You can picture him clearly. A boy all of 11 or 12 years of age. The early 1970s. Expansion of teams in the National Hockey League had become somewhat of an epidemic at that time. And there was a rival league too. Huddled up in bed at night, a small AM radio in hand hidden under the covers to prevent his parents from hearing. Evening in the suburbs of Montreal no less, and a young Chris Langevin is listening to broadcasts of Buffalo Sabres’ hockey games. The frenzied trill of an orchestra as the Sabres’ introductory theme, Sabre Dance, leads them onto the ice, instantly invoking visions of their fabled “French Connection”-line soaring along the ice. Richard Martin, Rene Robert, and Langevin’s future teammate, the greatest Sabre of them all, Gilbert Perreault.

“I can still hear that song in my head. That rally song had something about it; almost hypnotic. It had a real impact on me. I’d be lying in bed at night as a kid listening to the Sabres game. Living in the suburbs of Montreal, I don’t even know how we got that radio broadcast, but we did. And that music… I’ll always remember the music of that song coming through my radio. For some reason, it really reached into me. Something that I have never forgotten, and every time I think of that song today it still can give me chills”.

It’s mid-October, and I am spending a rainy evening in Buffalo chatting with former Buffalo Sabres winger Chris Langevin. To say that Chris did his job as a hockey player is an understatement. In fact, it is so greatly understated that many are unaware of what this man accomplished in a relatively brief professional career. Chris himself downplays it to me, whereas I look at him in an almost a heroic light. But I feel compelled to remind him that the way he played the game of hockey truly meant something to other people. Whether it be the teammates that he protected, the odd but incredibly talented coaches he played for, or the fans of the game like me.

“I started skating when I was about 3 or 4-years old. My family and I lived in West Mount, a suburb of Montreal. Some of the memories that I’ll always have are skating in circles on an outdoor rink as child”, Langevin is saying, and I feel like I am right there with him as he looks back in his mind’s eye. “The rink was covered with a roof but it was totally open on the walls. I used to wear these Montreal Canadiens socks. They were probably a bit too large for me. I would be skating around in circles. I just loved to skate; always have. My parents would be watching me and laughing at me because the socks would start to fall down and you could see my long underwear underneath. I must have looked ridiculous”, he recalls with a hearty laugh.
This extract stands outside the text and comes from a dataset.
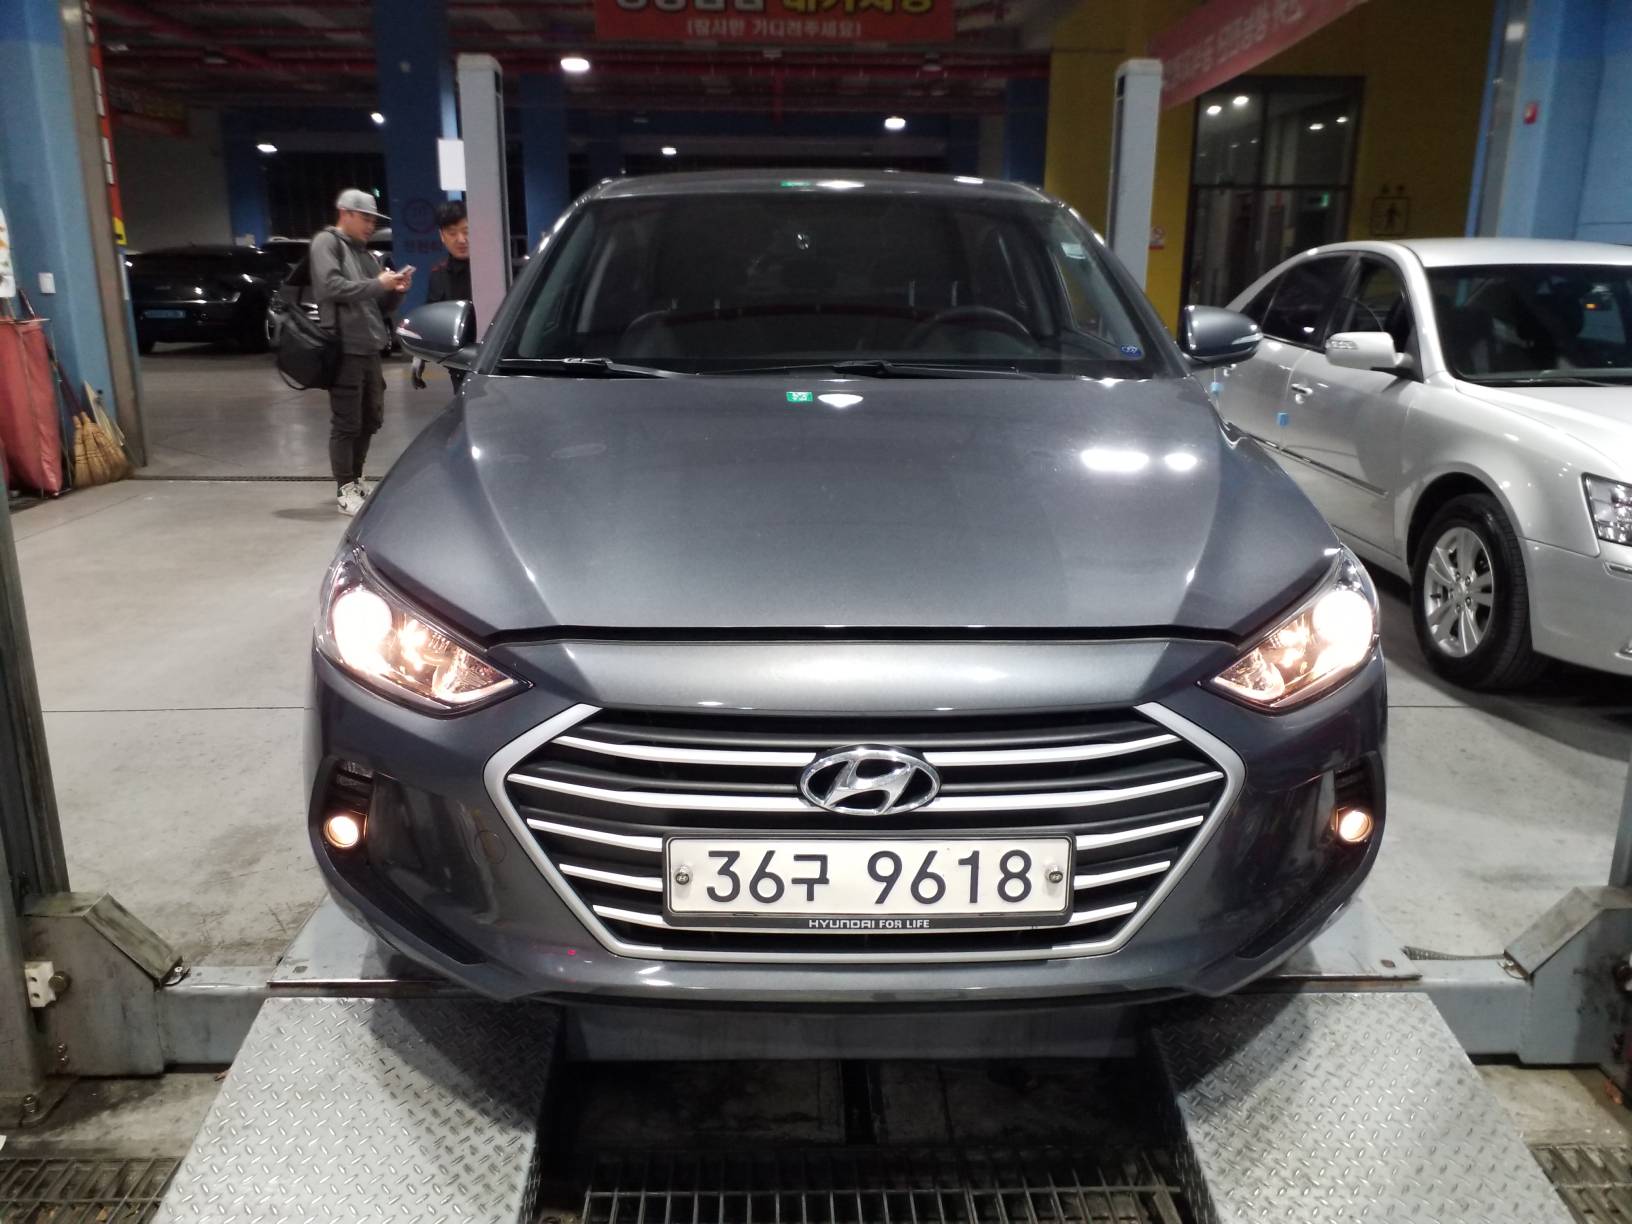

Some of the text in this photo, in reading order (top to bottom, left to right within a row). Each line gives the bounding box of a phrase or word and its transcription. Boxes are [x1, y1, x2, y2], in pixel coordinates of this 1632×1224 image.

[706, 849, 1032, 904] 36구 9618
[808, 919, 930, 929] HYUNDAI FOR LIFE
While Langevin was always a Canadiens fan, it was those radio broadcasts and that entrancing Sabre Dance theme that really took hold of him during his younger years, leading him to falling in love with the game of hockey; a sport that was readily available to him in the province of Quebec. “It was pretty easy and obviously a really good thing for kids to play hockey. Organized hockey was always around, and the costs were included with the taxes that we paid, so there was really no cost other than the equipment we needed to play. I probably started playing organized hockey at the age of 10. We played about one game a week, and most of the games we played were played outdoors”. Perhaps stepping back into hockey’s roots, the simpler game of Langevin’s youth seems far more enjoyable to me. “Because most of the games were played outdoors, you know, we would have to shovel the ice and all. It certainly wasn’t the same as the game is today. It was a just a bunch of us kids playing. It was hilarious sometimes too – I remember playing some games in the rain. I lived fairly close to the rink, so sometimes when it was raining I would be walking to the rink only to find that we weren’t playing because of the weather, and you would just be devastated because you were really lucky if you played even two times a week”. Born November 27th, 1959, the proximity of Langevin to hockey’s most storied franchise, the Montreal Canadiens, provided some early thrills. “I remember getting to see Jean Beliveau score his 500th career goal. And I actually had the opportunity to meet him multiple times.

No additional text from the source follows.